Dans la nuit du mercredi 29 au jeudi 30 juillet, la Russie a lancé une attaque aérienne de grande ampleur contre plusieurs régions ukrainiennes, selon les autorités ukrainiennes, tandis qu’un projectile s’est écrasé dans la région polonaise de Lublin, à environ 80 kilomètres de la frontière avec l’Ukraine. Le Premier ministre polonais Donald Tusk a déclaré que les fragments retrouvés indiquaient qu’il s’agissait d’un missile russe Kh-101. Une enquête a été ouverte par le parquet militaire polonais pour déterminer l’origine et la nature du projectile.

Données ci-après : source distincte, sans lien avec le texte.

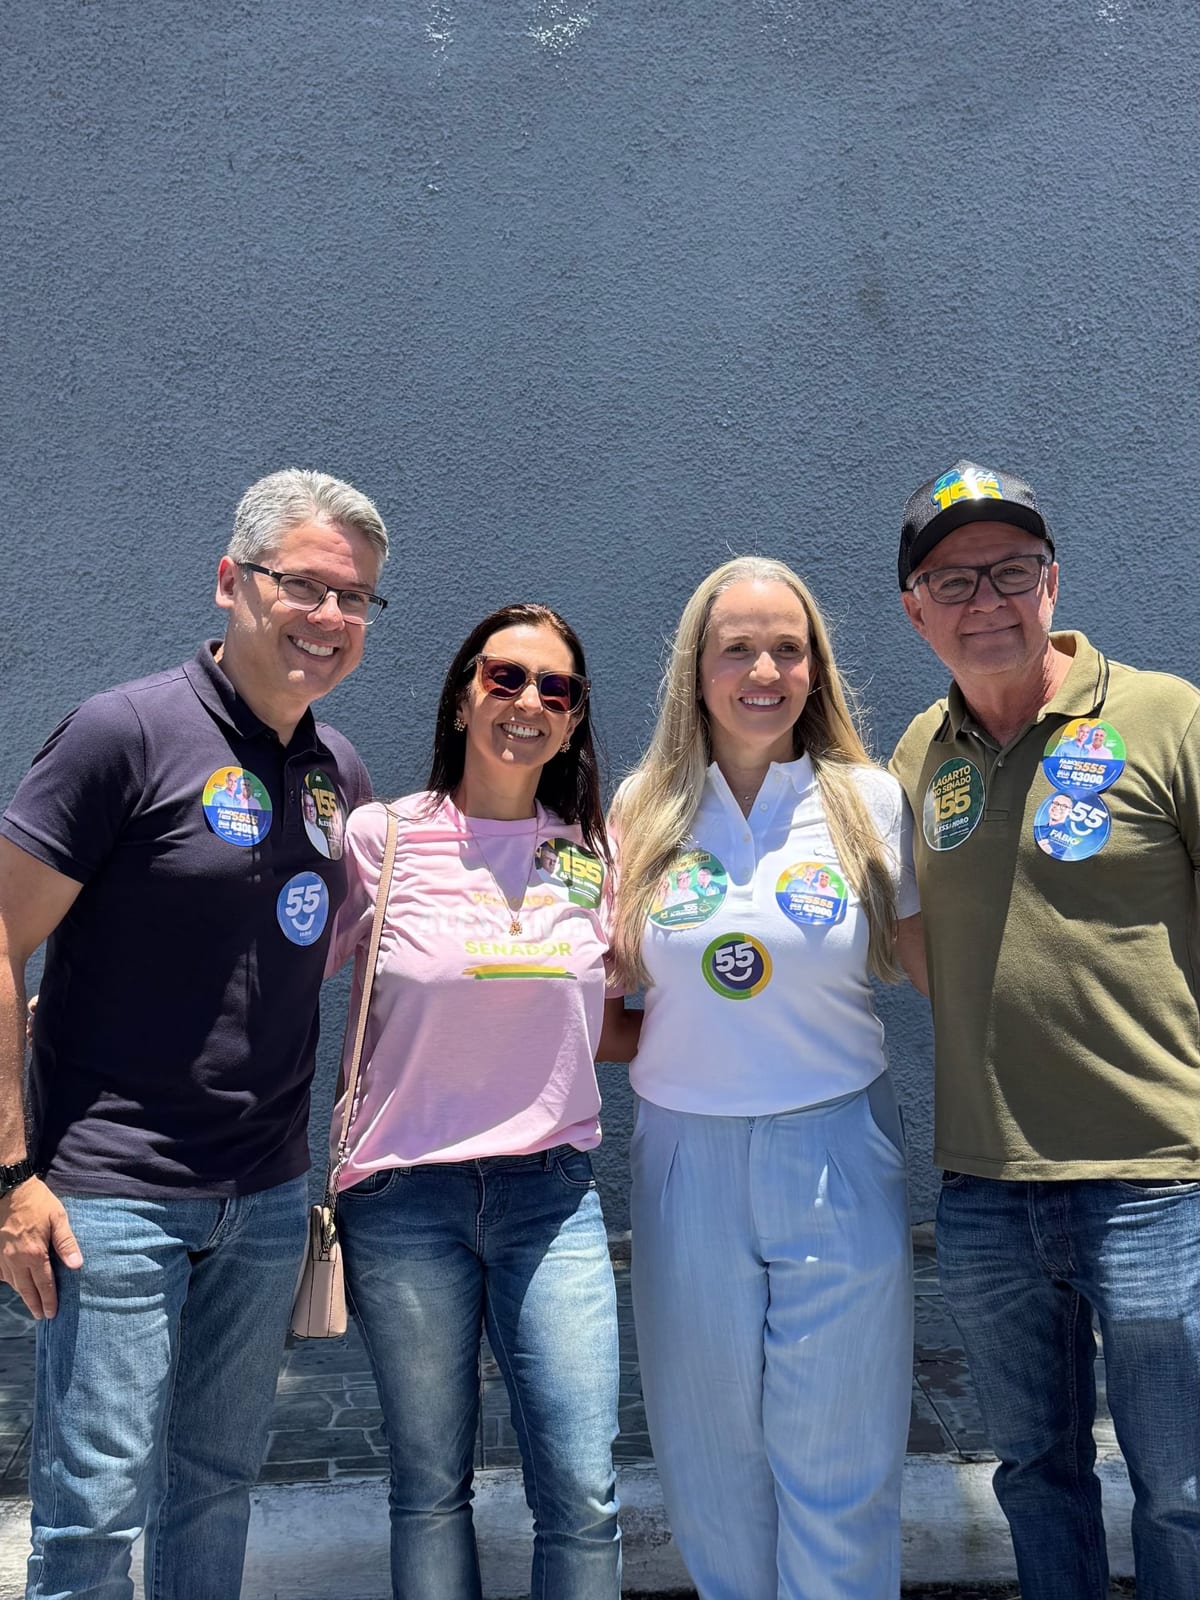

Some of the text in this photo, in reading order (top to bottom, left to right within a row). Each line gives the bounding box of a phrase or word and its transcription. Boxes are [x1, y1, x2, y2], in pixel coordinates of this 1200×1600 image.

[933, 480, 1003, 510] 155
[932, 765, 971, 790] LAGARTO
[942, 775, 971, 793] SENADO
[1071, 771, 1104, 785] 43000
[312, 788, 338, 817] 155
[934, 785, 972, 823] 155
[1069, 801, 1108, 828] 55
[558, 851, 602, 884] 155
[285, 884, 322, 916] 55
[465, 940, 572, 956] SENADOR
[715, 941, 755, 972] 55

Une attaque nocturne de grande ampleur sur plusieurs régions ukrainiennes
Selon l’armée de l’air ukrainienne, la Russie a tiré 74 missiles et 284 drones pendant la nuit. Kiev a affirmé en avoir intercepté 55 missiles et 265 drones. Les frappes ont visé notamment Kiev, la région de Dnipropetrovsk, Poltava et Lviv. Le ministère russe de la Défense a affirmé avoir ciblé des entreprises du complexe militaro-industriel ainsi que des centres logistiques et de télécommunications.
Le bilan humain a varié selon les moments de la journée et les autorités citées. Volodymyr Zelensky a d’abord fait état d’au moins huit morts à travers l’Ukraine. Plusieurs autorités locales ont ensuite signalé d’autres victimes, notamment dans la région de Dnipropetrovsk et à Lviv. Près de Kryvyï Rig, des responsables locaux ont indiqué qu’un missile balistique avait frappé une maison où vivait une famille nombreuse. Selon ces autorités, six membres d’une même famille ont été tués sur place.
« Les bilans humains et l’identification du projectile relèvent ici de deux niveaux distincts, tous deux encore liés aux déclarations des autorités concernées. »
Un cratère découvert en Pologne et une attribution directe à la Russie
En Pologne, des riverains de Tarnawa-Kolonia ont signalé une forte détonation peu avant 4 heures du matin. La police a ensuite découvert, dans un champ situé à environ deux kilomètres des habitations, un cratère de dix mètres de diamètre et des débris d’un objet non identifié. Les autorités polonaises ont relié cet impact aux frappes menées pendant la nuit contre l’ouest de l’Ukraine.
Donald Tusk a déclaré que « les fragments récupérés indiquaient qu’il s’agissait d’un missile russe Kh-101 ». Il a ajouté qu’« il n’y a aucune raison de penser que la Pologne était la cible ». Les autorités polonaises ont indiqué qu’un F-16 avait décollé après la détection du projectile. Le commandement des forces de l’OTAN en Europe a ensuite assuré être en « contact étroit » avec les autorités polonaises.
Des réactions européennes et ukrainiennes centrées sur la défense aérienne
Plusieurs responsables européens ont réagi à la fois aux frappes en Ukraine et à l’impact en Pologne. Ursula von der Leyen a dénoncé une « violation inacceptable » de l’espace aérien de l’Union européenne. Antonio Costa a évoqué une menace pour la sécurité de l’Europe. Friedrich Merz a estimé que cet épisode montrait « l’irresponsabilité de la Russie et sa volonté d’escalade ».
Volodymyr Zelensky a de son côté demandé un renforcement de la défense anti-aérienne ukrainienne. « Cette terreur russe prouve une fois de plus que la protection contre la menace des missiles russes est la chose la plus importante », a déclaré le président ukrainien, en évoquant aussi une « pénurie critique de missiles de défense aérienne » fournis par les partenaires de Kiev. Il a également affirmé que, selon des informations préliminaires, le missile ayant tué une famille près de Kryvyï Rig était de fabrication nord-coréenne, en précisant que des expertises devaient encore confirmer cette origine.